-- Opening Marker --
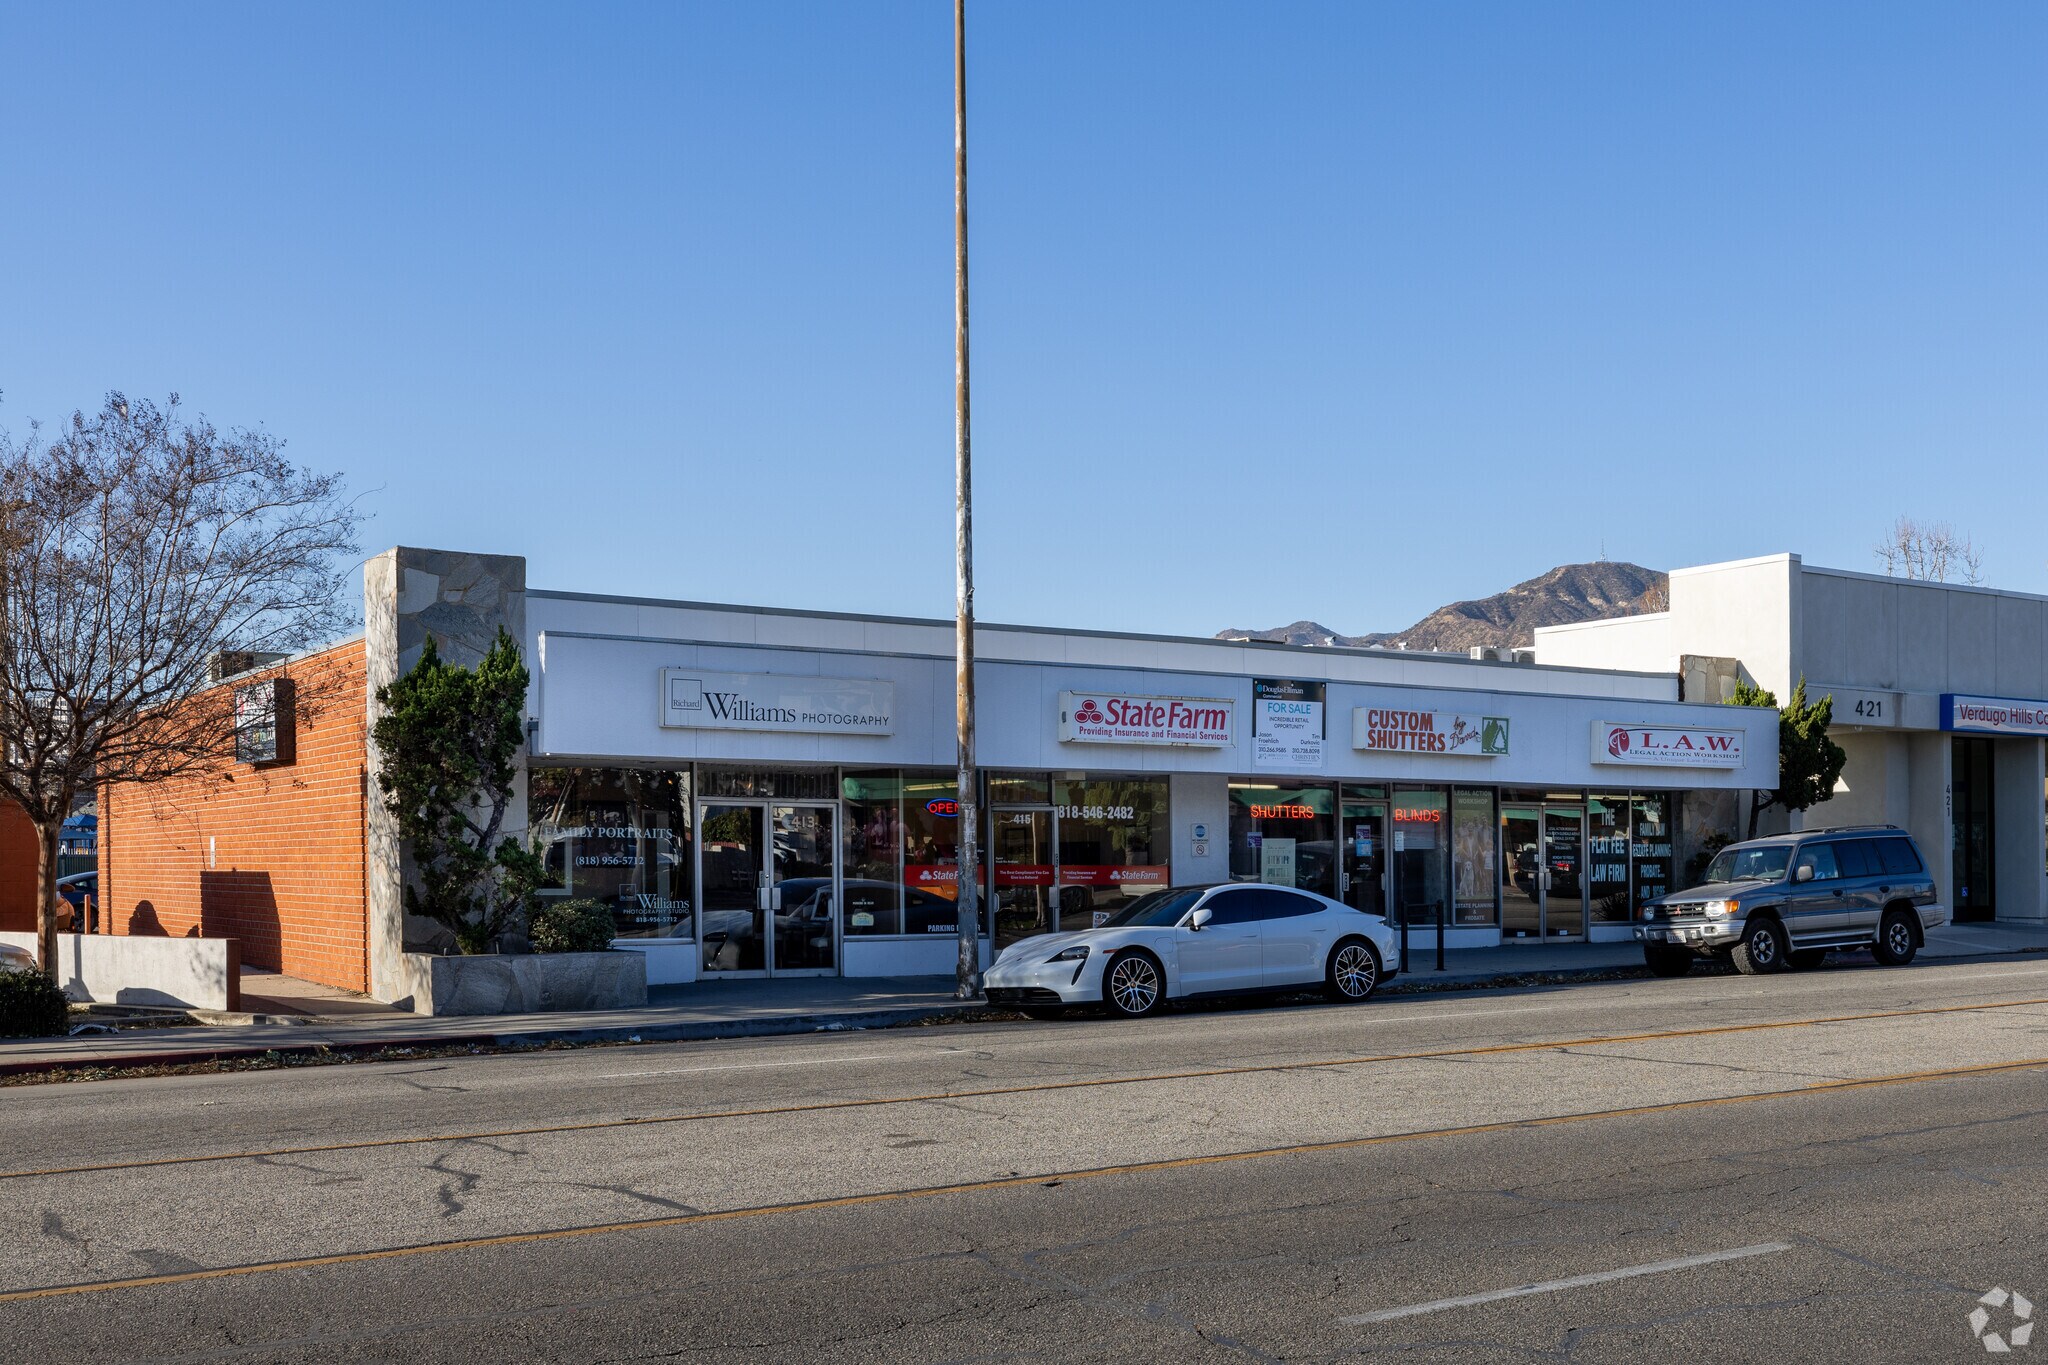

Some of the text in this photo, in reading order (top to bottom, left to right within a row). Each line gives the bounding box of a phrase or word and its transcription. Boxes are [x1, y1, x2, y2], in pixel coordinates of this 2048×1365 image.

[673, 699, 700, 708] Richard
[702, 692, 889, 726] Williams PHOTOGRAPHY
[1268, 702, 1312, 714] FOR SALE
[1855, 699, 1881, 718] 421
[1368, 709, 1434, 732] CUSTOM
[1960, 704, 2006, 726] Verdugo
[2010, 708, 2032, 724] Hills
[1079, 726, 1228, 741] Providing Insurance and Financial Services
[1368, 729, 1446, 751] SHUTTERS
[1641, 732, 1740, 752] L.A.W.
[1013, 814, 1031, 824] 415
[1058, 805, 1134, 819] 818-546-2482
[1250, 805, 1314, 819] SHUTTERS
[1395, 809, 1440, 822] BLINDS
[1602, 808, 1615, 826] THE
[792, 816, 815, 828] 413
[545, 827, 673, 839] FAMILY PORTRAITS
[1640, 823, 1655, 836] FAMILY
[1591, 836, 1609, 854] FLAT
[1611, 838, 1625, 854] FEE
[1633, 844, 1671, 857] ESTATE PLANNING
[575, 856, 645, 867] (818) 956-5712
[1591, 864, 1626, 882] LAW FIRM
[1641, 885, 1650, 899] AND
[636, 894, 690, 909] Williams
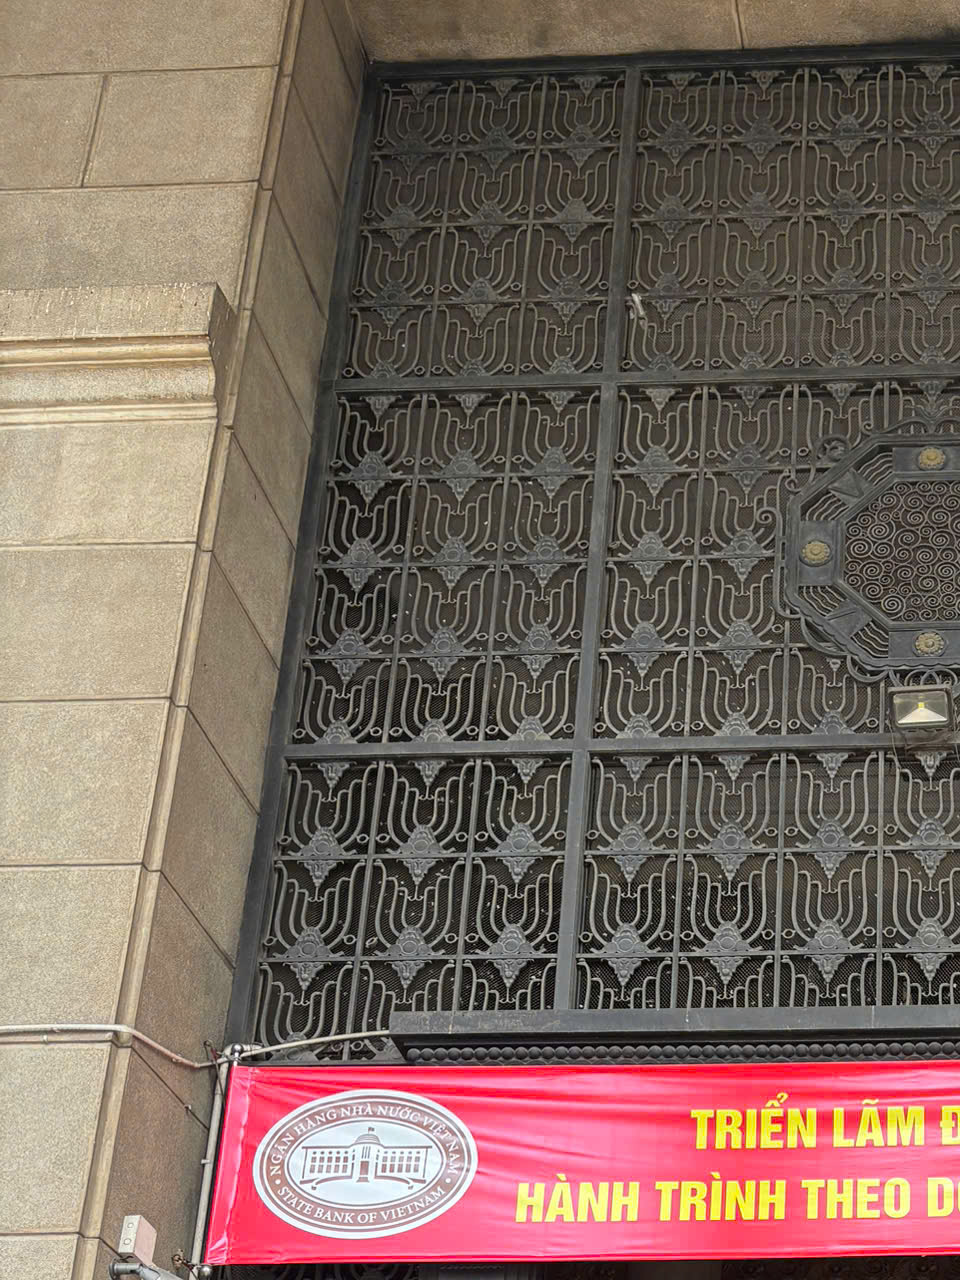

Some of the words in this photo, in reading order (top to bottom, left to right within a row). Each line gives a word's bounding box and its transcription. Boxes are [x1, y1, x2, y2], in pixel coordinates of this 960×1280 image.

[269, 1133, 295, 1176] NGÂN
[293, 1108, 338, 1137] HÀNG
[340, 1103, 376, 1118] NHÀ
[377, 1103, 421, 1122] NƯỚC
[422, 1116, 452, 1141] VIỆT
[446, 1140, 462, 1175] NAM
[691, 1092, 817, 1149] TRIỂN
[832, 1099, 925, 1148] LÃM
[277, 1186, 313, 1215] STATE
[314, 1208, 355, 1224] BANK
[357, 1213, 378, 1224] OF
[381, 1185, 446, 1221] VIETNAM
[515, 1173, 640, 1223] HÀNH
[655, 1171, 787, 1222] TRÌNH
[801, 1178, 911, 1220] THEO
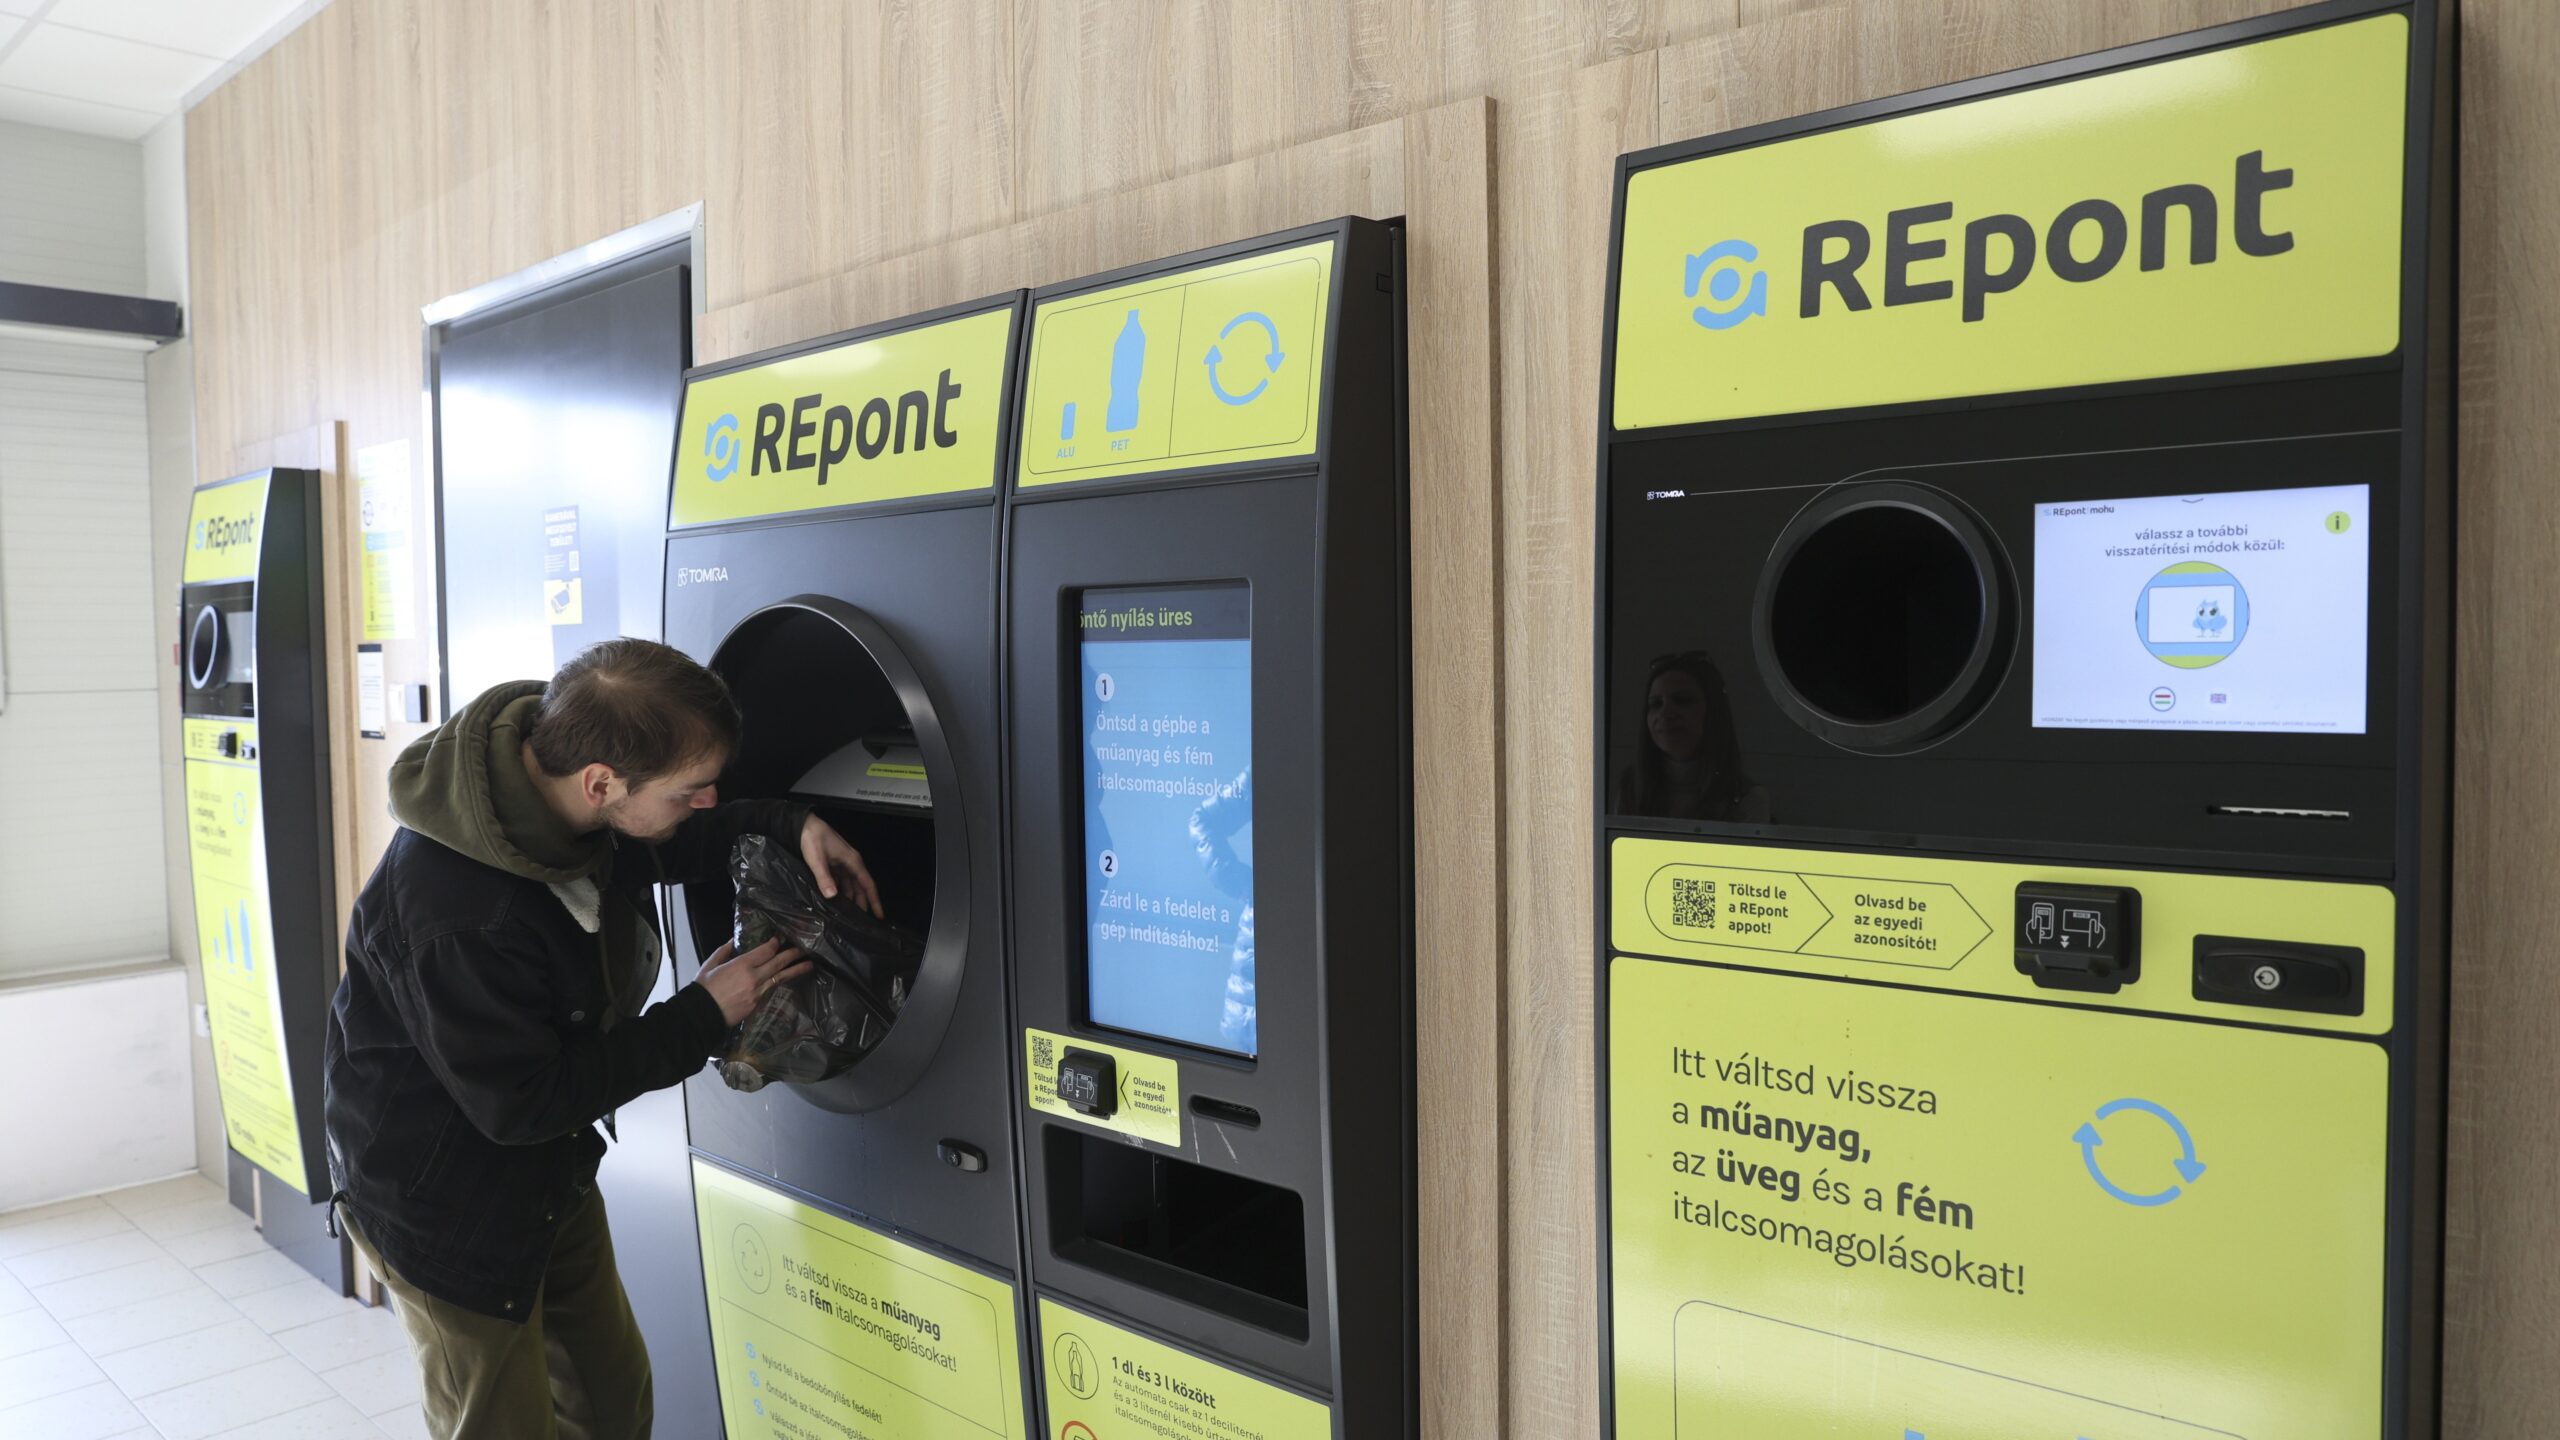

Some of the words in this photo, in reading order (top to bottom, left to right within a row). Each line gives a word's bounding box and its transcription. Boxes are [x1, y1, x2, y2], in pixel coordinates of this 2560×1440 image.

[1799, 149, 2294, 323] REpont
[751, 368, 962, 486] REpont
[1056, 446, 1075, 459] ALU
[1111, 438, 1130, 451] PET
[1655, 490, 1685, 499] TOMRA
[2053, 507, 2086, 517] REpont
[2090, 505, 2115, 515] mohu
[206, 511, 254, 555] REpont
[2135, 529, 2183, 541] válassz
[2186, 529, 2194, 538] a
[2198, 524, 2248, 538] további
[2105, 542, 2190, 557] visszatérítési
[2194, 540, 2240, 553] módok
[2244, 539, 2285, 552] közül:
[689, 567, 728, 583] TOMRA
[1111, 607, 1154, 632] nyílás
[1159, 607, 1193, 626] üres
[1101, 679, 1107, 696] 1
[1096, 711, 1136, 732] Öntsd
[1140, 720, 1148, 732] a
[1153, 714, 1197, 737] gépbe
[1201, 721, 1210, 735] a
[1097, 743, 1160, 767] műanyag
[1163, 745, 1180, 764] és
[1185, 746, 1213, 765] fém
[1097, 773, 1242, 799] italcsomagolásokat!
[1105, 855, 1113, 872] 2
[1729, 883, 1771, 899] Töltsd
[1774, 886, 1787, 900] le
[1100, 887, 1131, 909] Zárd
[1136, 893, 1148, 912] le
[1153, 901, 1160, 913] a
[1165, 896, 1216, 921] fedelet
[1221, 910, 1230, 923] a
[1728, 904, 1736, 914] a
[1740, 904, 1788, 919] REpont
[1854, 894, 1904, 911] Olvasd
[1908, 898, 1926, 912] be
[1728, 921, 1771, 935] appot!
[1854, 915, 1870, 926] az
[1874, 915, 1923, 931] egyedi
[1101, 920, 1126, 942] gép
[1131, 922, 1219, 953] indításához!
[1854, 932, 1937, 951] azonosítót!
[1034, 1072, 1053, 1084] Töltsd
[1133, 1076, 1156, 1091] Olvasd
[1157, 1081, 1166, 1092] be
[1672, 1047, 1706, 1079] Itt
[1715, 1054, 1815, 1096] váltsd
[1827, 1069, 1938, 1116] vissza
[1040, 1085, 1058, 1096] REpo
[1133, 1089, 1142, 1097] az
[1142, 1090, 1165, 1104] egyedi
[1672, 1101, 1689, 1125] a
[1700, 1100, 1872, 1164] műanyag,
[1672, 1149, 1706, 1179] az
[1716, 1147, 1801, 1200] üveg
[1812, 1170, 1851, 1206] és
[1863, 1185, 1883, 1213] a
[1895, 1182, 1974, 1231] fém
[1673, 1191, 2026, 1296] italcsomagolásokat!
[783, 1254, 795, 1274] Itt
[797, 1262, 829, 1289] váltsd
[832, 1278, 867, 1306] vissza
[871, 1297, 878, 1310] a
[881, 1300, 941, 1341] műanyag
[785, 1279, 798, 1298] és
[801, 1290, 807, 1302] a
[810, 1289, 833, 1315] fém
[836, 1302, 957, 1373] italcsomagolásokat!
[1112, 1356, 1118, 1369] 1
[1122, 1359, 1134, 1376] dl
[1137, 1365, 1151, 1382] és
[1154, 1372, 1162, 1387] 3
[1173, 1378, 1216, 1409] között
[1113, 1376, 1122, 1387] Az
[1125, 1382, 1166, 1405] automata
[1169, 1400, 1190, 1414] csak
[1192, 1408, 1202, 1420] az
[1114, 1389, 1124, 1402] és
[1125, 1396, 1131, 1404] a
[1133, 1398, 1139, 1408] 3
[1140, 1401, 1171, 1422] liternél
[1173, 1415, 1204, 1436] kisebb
-- Closing Marker --
YOUR GOAL
Find the word "REpont" in the records. Copy every line it appears in.

WRITTEN SOLUTION
[1799, 149, 2294, 323] REpont
[751, 368, 962, 486] REpont
[2053, 507, 2086, 517] REpont
[206, 511, 254, 555] REpont
[1740, 904, 1788, 919] REpont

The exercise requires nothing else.